Who has more details on modified 25-pdr guns such as the 25-pdr Short Mk I (Aust) on Carriage 25-pdr Light Mk I (Aust)?

As far as I know, the Short 25-pdr gun was an Australian pack gun version of the British 25 pounder gun/howitzer, developed as a result of experience in the jungles of New Guinea indicating the need for really portable artillery. First produced in 1943, it was a shortened version of the standard 25 pounder, mounted on the Carriage 25-pdr Light, Mark 1. The "Baby 25-pdr" was intended for jungle combat and was used in Southeast Asia and the Pacific, during World War II. The gun could be towed by a light vehicle or broken down into sections, capable of pack transport.

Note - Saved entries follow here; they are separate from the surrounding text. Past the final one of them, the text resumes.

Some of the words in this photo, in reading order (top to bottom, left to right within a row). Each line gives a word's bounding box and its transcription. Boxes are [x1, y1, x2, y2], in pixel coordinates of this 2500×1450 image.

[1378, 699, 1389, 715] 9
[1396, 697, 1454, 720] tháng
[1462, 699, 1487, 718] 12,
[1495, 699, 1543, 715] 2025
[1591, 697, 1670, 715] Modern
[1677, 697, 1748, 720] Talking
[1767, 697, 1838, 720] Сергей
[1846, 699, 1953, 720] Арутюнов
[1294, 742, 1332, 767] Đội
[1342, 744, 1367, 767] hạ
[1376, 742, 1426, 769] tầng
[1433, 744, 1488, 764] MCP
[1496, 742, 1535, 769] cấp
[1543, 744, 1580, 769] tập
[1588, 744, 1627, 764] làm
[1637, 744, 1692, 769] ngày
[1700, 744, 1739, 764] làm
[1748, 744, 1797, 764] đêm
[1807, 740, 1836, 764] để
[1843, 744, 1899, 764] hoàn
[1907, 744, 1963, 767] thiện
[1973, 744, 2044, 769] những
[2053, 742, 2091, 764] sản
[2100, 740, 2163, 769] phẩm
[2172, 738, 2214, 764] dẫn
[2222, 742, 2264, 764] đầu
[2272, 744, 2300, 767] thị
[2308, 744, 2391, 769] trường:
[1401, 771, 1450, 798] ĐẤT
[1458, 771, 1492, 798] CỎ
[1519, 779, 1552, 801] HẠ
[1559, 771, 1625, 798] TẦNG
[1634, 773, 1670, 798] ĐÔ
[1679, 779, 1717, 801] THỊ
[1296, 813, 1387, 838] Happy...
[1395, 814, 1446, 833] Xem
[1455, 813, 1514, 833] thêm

The only resemblance to the 25pdr was the breech mechanism, recoil system, cradle and sights. The trail was simplified, wheels made smaller, and castor added to the end of the trail for easier manhandling. The shield and and platform were discarded, and a heavy spade added to anchor the gun while firing. The gun itself was drastically shortened to 46.69 inches, and a muzzle cap added, which gave a total length of 63.79 inches. Broken into 14 packs the total equipment weight was 3,015 Lbs. It could not be used with supercharge, so the maximum range was only 10,800 yards.

Shown below is a survivor, ex-Rod Keys, now in the collection of the Meandarra ANZAC Memorial Museum in Australia.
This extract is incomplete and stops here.